WHEN the World Pasty Championships celebrated their 10th anniversary (tin, appropriately) at the Eden Project in 2022, none of us knew it would be the last event of its kind to take place in the biomes. While some felt it had run its course, a lot of people were very disappointed, including competitors both professional and amateur, and consumers who came in their droves to watch the categories being judged.

I was among those judges, and it’s no exaggeration to say the occasion was like an annual family reunion. We greeted each other with the warmth reserved for old friends: the proper Cornish die-hards in their kilts, the friendly old professor who came over from Michigan each year, the WI ladies - who had surely baked thousands of oggies in their time, and would coo over how much my daughter had grown during the intervening months.

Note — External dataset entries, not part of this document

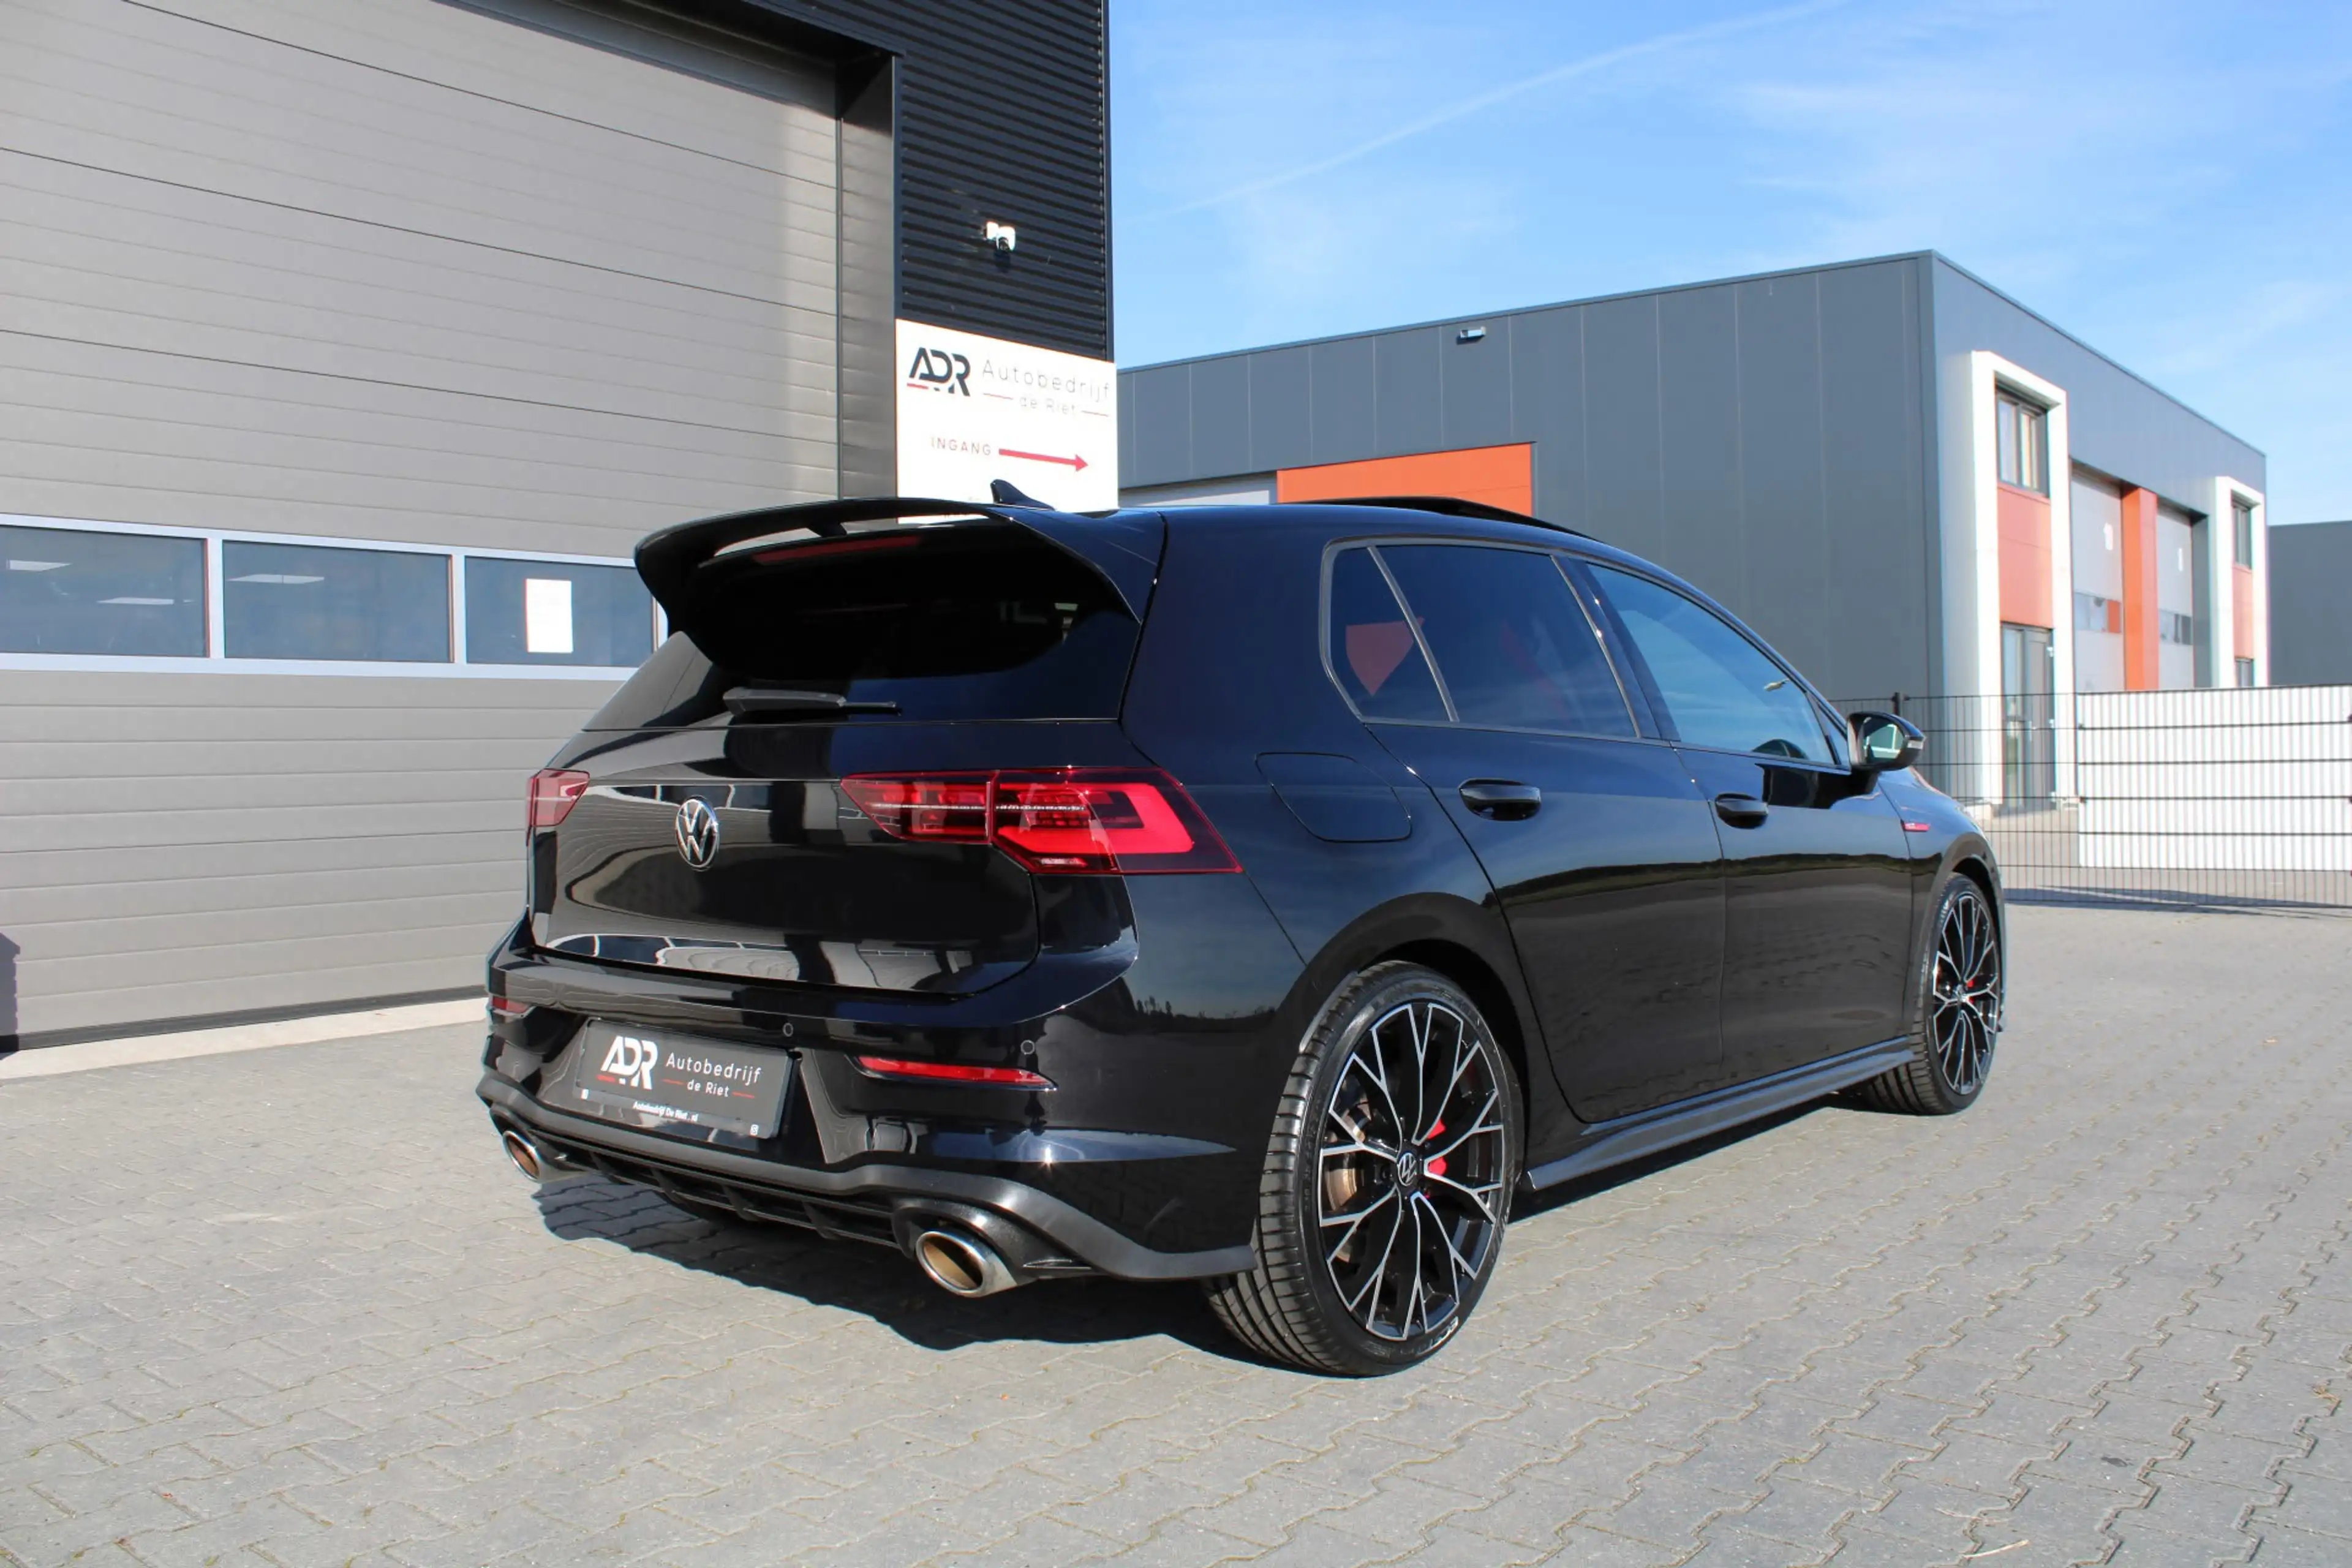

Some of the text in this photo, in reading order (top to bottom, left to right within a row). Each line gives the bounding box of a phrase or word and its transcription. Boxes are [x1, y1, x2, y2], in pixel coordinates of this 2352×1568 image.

[908, 347, 971, 396] ADR
[982, 360, 1109, 402] Autobedrijf
[1019, 396, 1076, 415] de Riet
[931, 437, 991, 456] INGANG
[600, 1036, 658, 1090] ADR
[666, 1053, 761, 1086] Autobedrijf
[687, 1079, 729, 1097] de Riet

Said Daughter progressed to totting up the scores for each entry. Perhaps, I jested, she had been sufficiently trained to judge on her own account?

When I heard the contest was to be rebooted as the Global Pasty Championships at the Lost Gardens of Heligan, I was quick to offer my services, on the understanding that I’d be accompanied by a 15-year-old plus-one. “Of course – would she like to judge too?” came the reply.

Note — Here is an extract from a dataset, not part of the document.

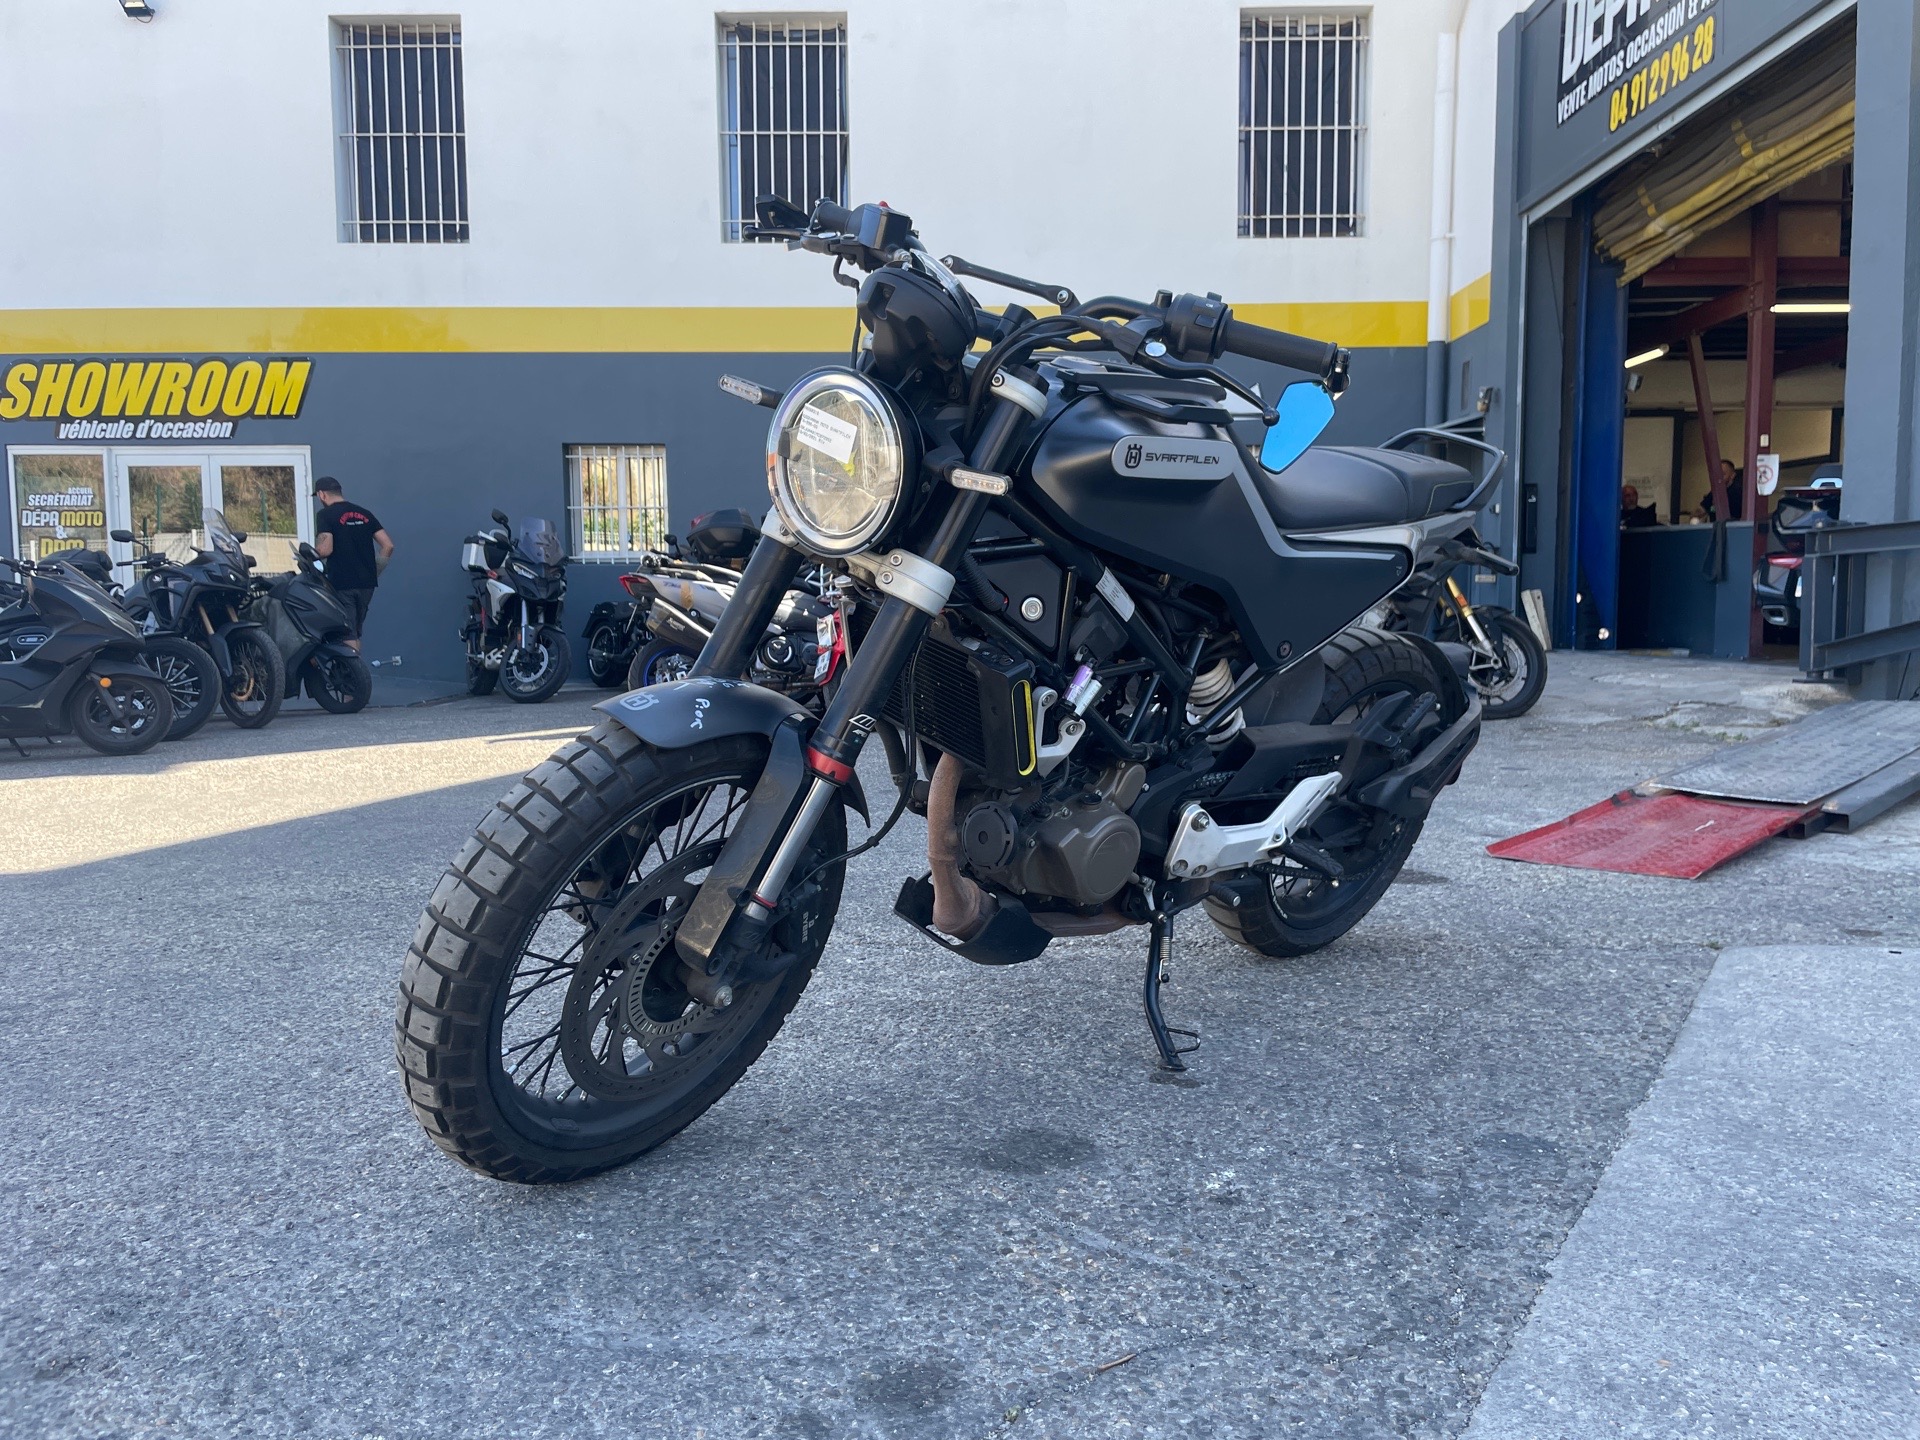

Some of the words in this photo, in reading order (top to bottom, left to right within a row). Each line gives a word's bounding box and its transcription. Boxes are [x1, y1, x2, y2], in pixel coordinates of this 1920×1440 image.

I asked the question. “OMG – I feel like I’ve made it in life,” came the answer, which was never going to be no.

I thought it prudent to lay down a few ground rules. Daughter is particular about her pasties, and can be brutal in her criticism. Being a judge means trying everything with an open mind, and offering constructive feedback - especially in amateur and junior categories. After all, you want people to learn and come back next year.

Come the big day, we arrived bright and early, and instantly bumped into some familiar faces in the car park (cue air-kissing). We wandered through the delightful gardens to the Steward’s House, where judges were gathering, among them head judge Graham Cornish – former development head at Ginsters, and inaugural winner of the World Pasty Championships with his mother’s recipe, with which he subsequently launched his own business.

Kirstie Newton and Daughter get stuck in at the Global Pasty Championships
Kirstie Newton and Daughter get stuck in at the Global Pasty Championships (Paul Williams)

We got stuck in, and I quickly realised how much Daughter had learned and how seriously she took the job. She was appalled when asked to cut a pasty in half for the camera: “That’s step 3, and we haven’t done steps 1 or 2 yet,” she chided. (For the record: step 1 is to count the crimps and test for sturdiness, step 2 to assess the visual appearance of the pasty – D shape, smoothness, glaze).

We began with a couple that needed a bit of work on their pastry. Seasoning would prove challenging: “TOO SALTY!” wrote Daughter on one sheet. “A well-distributed filling that would doubtless have tasted great with a little less salt,” I added underneath, ever the diplomat.

Alternative pasties aren’t everyone’s bag; I even heard a visitor declare: “They aren’t really pasties!” They might not be Cornish pasties - a protected designation, permitting only beef, potato, swede (turnip) and onion - but I love to see the different flavour combinations people will try in pastry. A feta cheese, butternut squash, spinach and red onion pasty concoction tickled our tastebuds and looked great to boot; when it scored 91 points, I knew it was a potential winner.

As judging drew to a close, St Austell and Newquay MP Noah Law emerged looking as glazed as the pasties he’d tasted. “I feel like I’ve eaten a six-course tasting menu,” he admitted. “I’m stuffed.”

Daughter and I worked it off by dancing to the Tregony Teachers, followed by a tour (in rare spring sunshine) of the garden to see new sculpture Lowarnes/Vixen, before heading back for the results.

Our veggie sensation took the top spot by a mere point, as thrilling for us as judges as for the purveyor. Rowe’s development chef Oscar Timmings confirmed the recipe had won a previous competition in collaboration with Pirate FM to find a new product for the hot cabinet. Whoever suggested it deserves a medal – it knocks plain old cheese and onion into a cocked hat.

A regular sight at Eden was the Bristol gang who hired a holiday home each year in order to bake pasties in Cornwall – essential to enter the Traditional category. Their dedication earned them induction as Pasty Ambassadors, and they were back for the reboot. Having won the coveted Cornish Amateur title twice before, Vanessa Farr was thrilled to triumph again, this time in the Traditional Individual category against professionals.

It all made for a highly successful day. Sir Tim Smit himself said: “Almost everyone has come up to me and said it feels like Heligan is where the Global Pasty Championships should be. It’s coming home.”